Disable assets on irrelevant pages
For plugins you cannot remove, investigate whether they support conditional asset loading. Many do. Contact Form 7, for example, can be configured to load its scripts only on pages that actually have a form. This single change can remove several hundred kilobytes of JavaScript from every non-form page on your site.
Replace the plugin with code
For functionality you genuinely need, consider whether it can be implemented directly in your theme rather than through a plugin. Custom code in your theme adds zero plugin overhead, runs only where needed, and cannot be broken by a WordPress or PHP update that the plugin author has not responded to yet.

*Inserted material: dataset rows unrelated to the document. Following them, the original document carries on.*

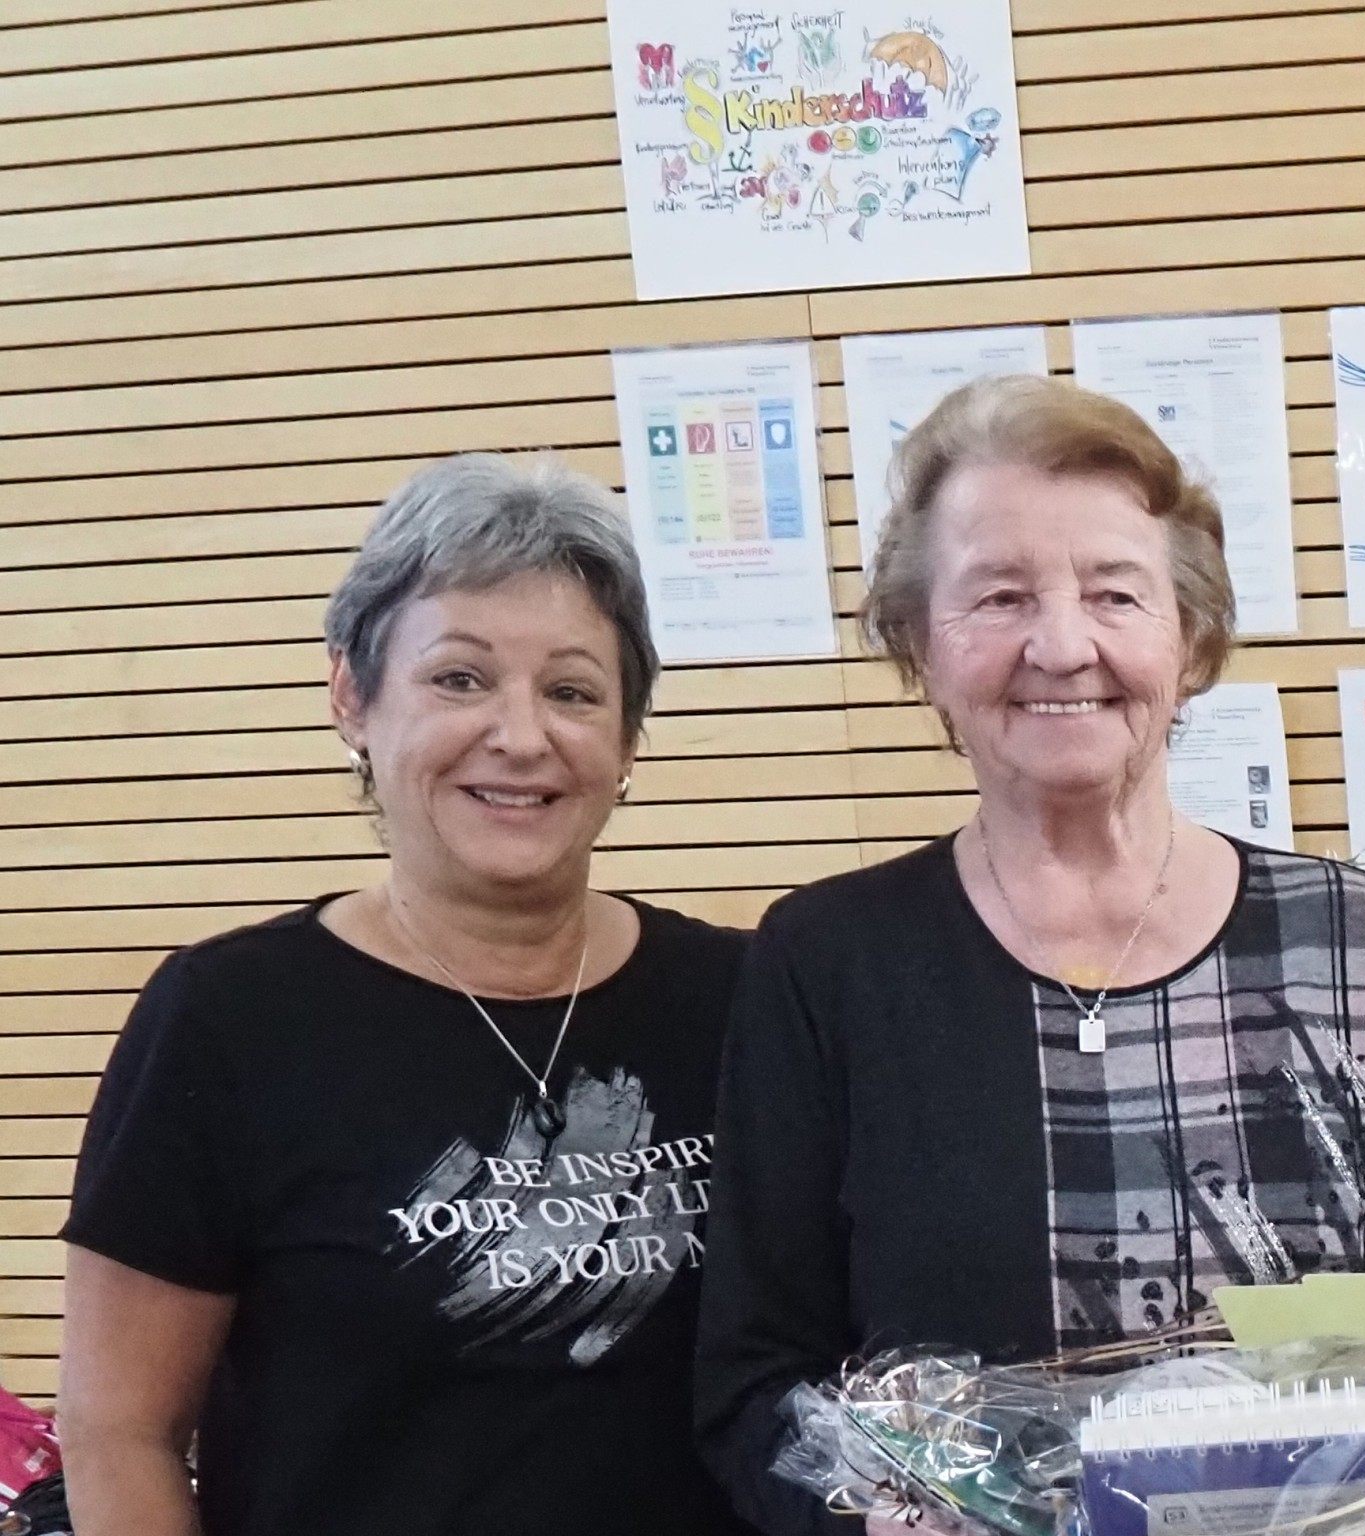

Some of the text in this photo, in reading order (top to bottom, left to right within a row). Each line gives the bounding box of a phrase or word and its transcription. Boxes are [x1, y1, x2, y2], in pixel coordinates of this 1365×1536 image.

[723, 76, 929, 134] Kinderschutz
[484, 1133, 715, 1187] BE INSPIR
[388, 1198, 529, 1244] YOUR
[538, 1185, 653, 1228] ONLY
[485, 1249, 533, 1290] IS
[545, 1235, 675, 1284] YOUR

Fix the hosting if nothing else moves the needle
If you have removed unnecessary plugins, optimised your images, enabled caching and your site still scores poorly, the hosting is likely the bottleneck. Shared hosting environments, particularly budget ones, often have slow Time to First Byte — the time between the browser making a request and the server starting to respond. No amount of front-end optimisation compensates for a slow server. LiteSpeed-based hosting with proper caching configuration resolves this in most cases.
The benchmark to aim for
A well-built WordPress site on decent hosting, with no unnecessary plugins, should score 90 or above on Google PageSpeed Insights on both mobile and desktop. Scores of 95-100 are achievable and are what we target on every site we build. If your site scores below 70, there is meaningful work to be done. Below 50 on mobile is a significant problem that is directly affecting your Google rankings.

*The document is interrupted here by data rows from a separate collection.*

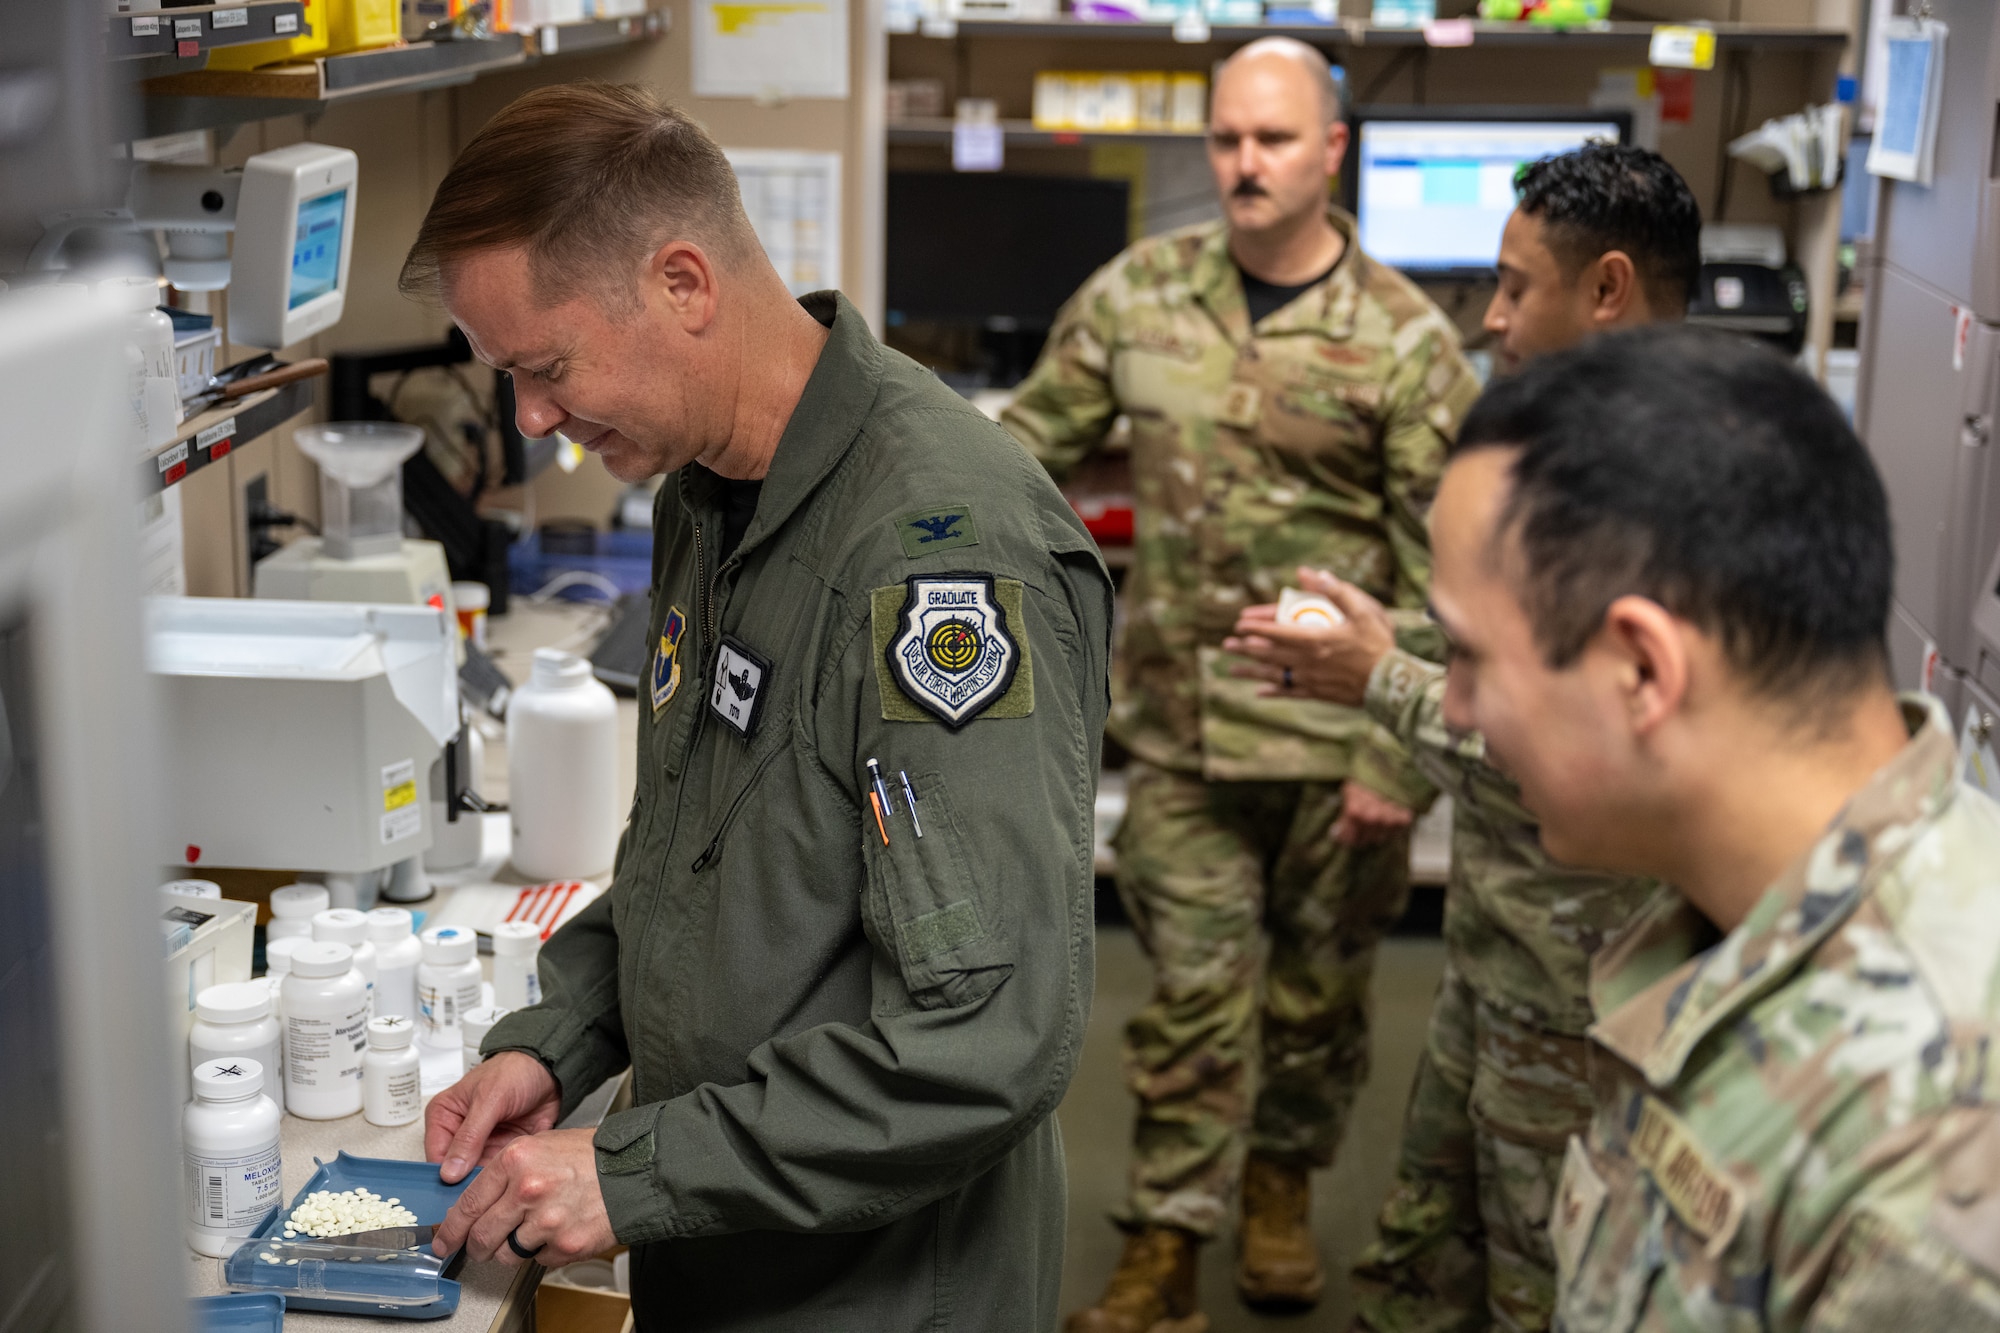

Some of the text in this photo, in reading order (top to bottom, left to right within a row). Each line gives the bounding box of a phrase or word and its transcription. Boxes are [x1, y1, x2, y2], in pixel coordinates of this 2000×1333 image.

[928, 591, 977, 605] GRADUATE
[913, 661, 929, 679] AIR
[926, 672, 950, 698] FORCE
[981, 647, 998, 680] SCHOOL
[257, 1179, 278, 1194] 7.5 mg

Run your site through Google PageSpeed Insights right now if you have not done it recently. The results will tell you more about your site’s health than almost any other single metric.
If your scores are lower than they should be and you want an expert to look at the specific causes, we offer a free website audit that covers performance in detail. Or if you are ready to talk about a proper rebuild, get in touch for a free quote.
Frequently asked questions
Will a caching plugin fix my slow WordPress site?
A caching plugin can improve performance — sometimes significantly — but it cannot remove the underlying causes of slowness. It masks them. If your site is slow because of page builder overhead or too many plugins, caching will improve your score but you will still not reach the performance levels that a properly built site achieves.
How many plugins should a WordPress site have?
There is no magic number but as a rule of thumb, if you have more than ten active plugins, each one deserves scrutiny. The question is not how many you have but how much overhead each one adds relative to the value it provides.
Does hosting really matter that much?
Yes — particularly Time to First Byte. A site on slow shared hosting can achieve reasonable PageSpeed scores through aggressive caching but the inconsistency will show up in real-world experience. LiteSpeed hosting with LSCache configured correctly is currently the best combination for WordPress performance.
Is WordPress inherently slow?
No. WordPress itself is a well-optimised PHP application. The performance problems almost always come from what is built on top of it — the theme, the plugins, the hosting configuration. A lean WordPress installation with a clean custom theme and minimal plugins is genuinely fast.